I. A Question Arising From Kenny
This paper originates in a suggestion by Anthony Kenny towards the end of his book Aquinas on Being (2002). The main aim of the book is to assess Aquinas’ account of being against Fregean criteria. Thomas does reasonably well in this examination but is not awarded a first class honours, mainly because, says Kenny, he is blind to some crucial points made by Frege.
For most of Kenny’s book ‘platonist’ and ‘platonism’ are taken to be ‘bad things’. The cause of Aquinas’s blindness about being is identified as ‘residual platonism’, or even ‘neo-platonism’, a term introduced on the final page of the book (p.194) and not really explained. The introduction of this term, albeit on the final page, does make the reader wonder why Aquinas’s commentaries on neoplatonist texts (of which there are four: Boethius De Trinitate and De Ebdomadibus, Pseudo-Dionyius On the Divine Names, and Liber de Causis) do not figure more prominently throughout Kenny’s book, since they ought to be crucial for studying all this as the main culprits in Aquinas’ failures.

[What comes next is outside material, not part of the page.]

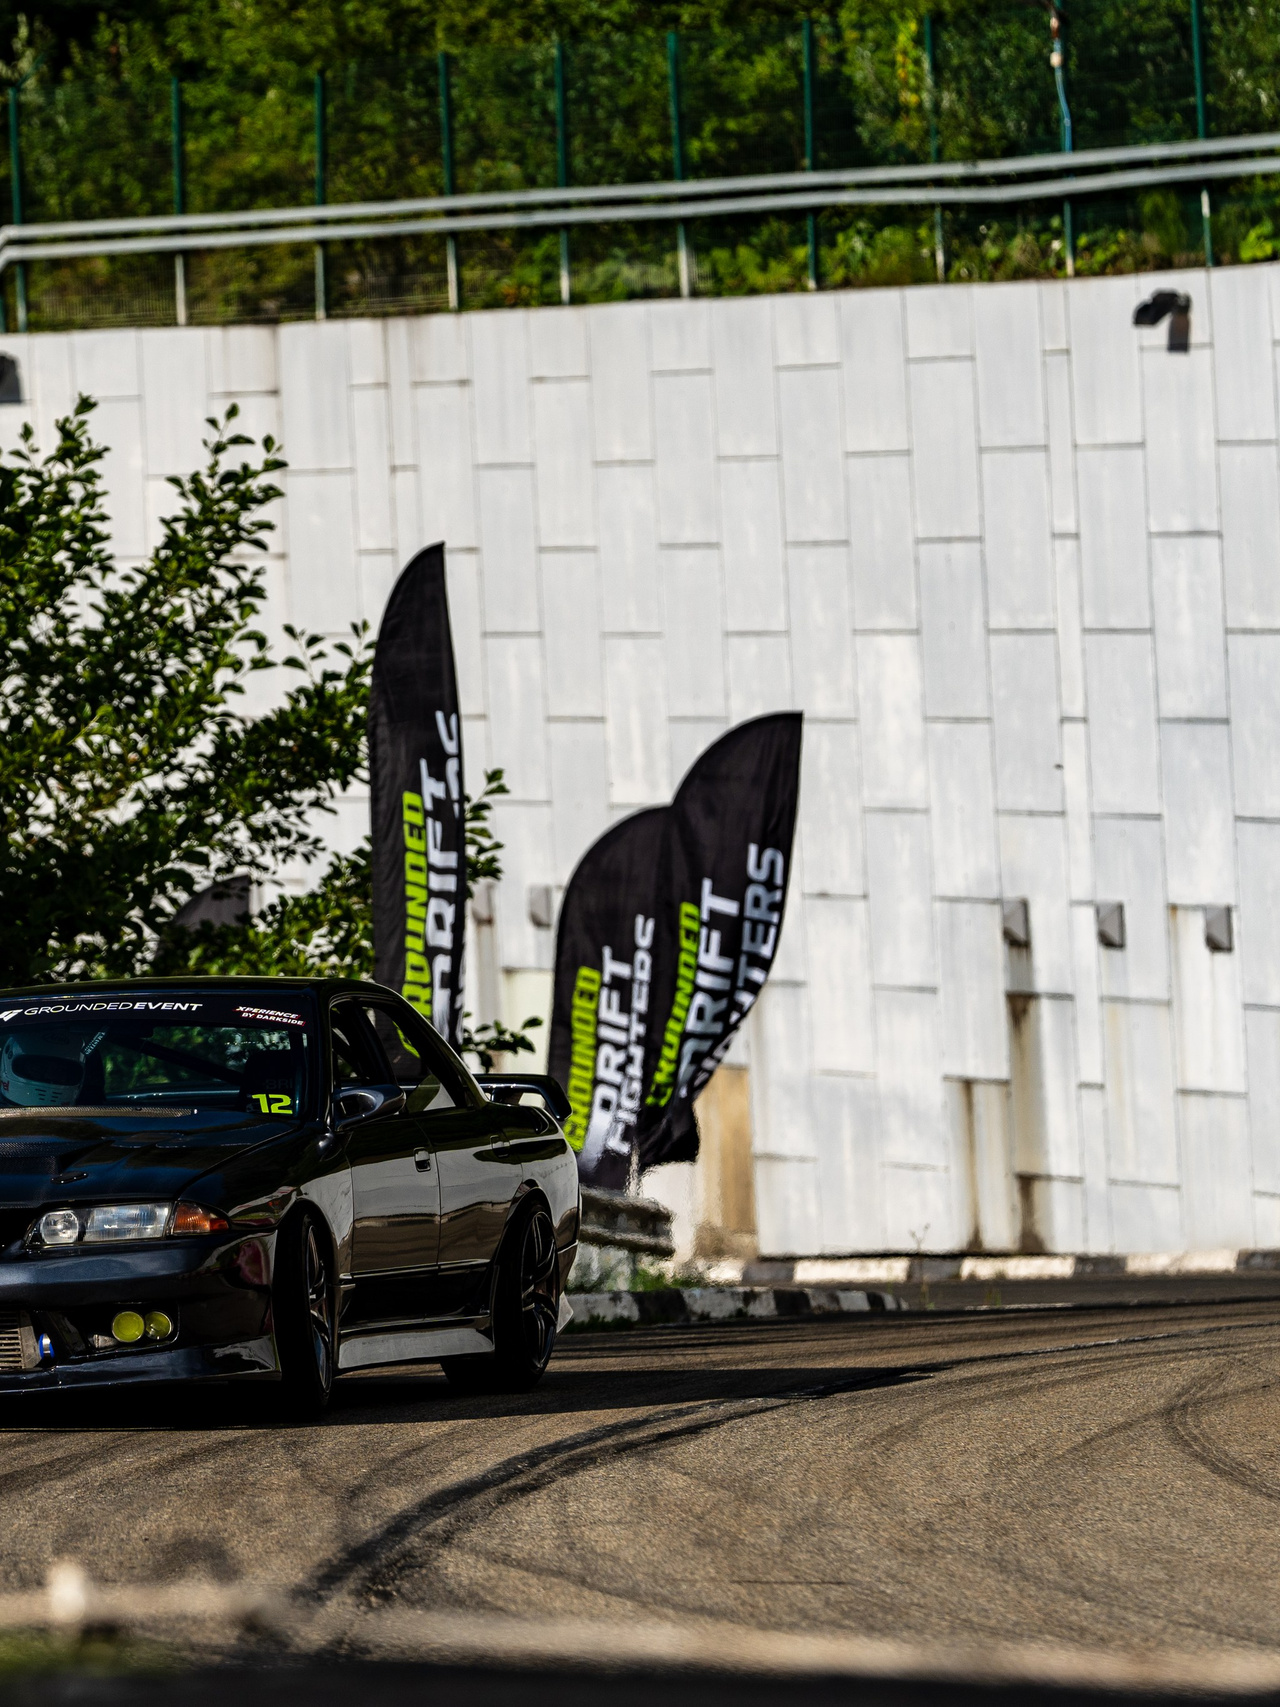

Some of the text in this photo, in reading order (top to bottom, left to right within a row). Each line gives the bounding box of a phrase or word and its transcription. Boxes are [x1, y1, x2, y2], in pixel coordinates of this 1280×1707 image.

My aim here is not to pursue this particular critique but to take a related but different route. Another thing that happens towards the end of Aquinas on Being is that suddenly, and strikingly, Frege’s ‘platonism’ is spoken of except that now the term is used, if not with approval, at least with nothing like the disapproval it seems to attract from Kenny in Aquinas’s case (p.202). Frege’s ‘platonism’ is with reference to what he calls ‘a third realm’ – Kenny says that if there is anything like this in Aquinas’s work it is the notion of ‘divine ideas’ (p.204).
Hence the concern of this paper, to offer some preliminary thoughts about a comparison which, Kenny concludes, would be the subject-matter of another book.
II. Frege’s ‘third realm’
It is certainly true that the term ‘self-subsistent object’ is a striking, even startling, one. This is how Gottlob Frege describes numbers in his Foundations of Arithmetic (paragraphs 55ff). To anyone acquainted with the Platonist tradition it carries immediate resonances. The forms or ideas of Plato were at times referred to as aut'upostata, self-subsistent things, that level of reality ‘between’ the things of this world which are nevertheless dependent on them for their intelligibility, and some realm of further transcendence which lies above and beyond the multiplicity of such objects.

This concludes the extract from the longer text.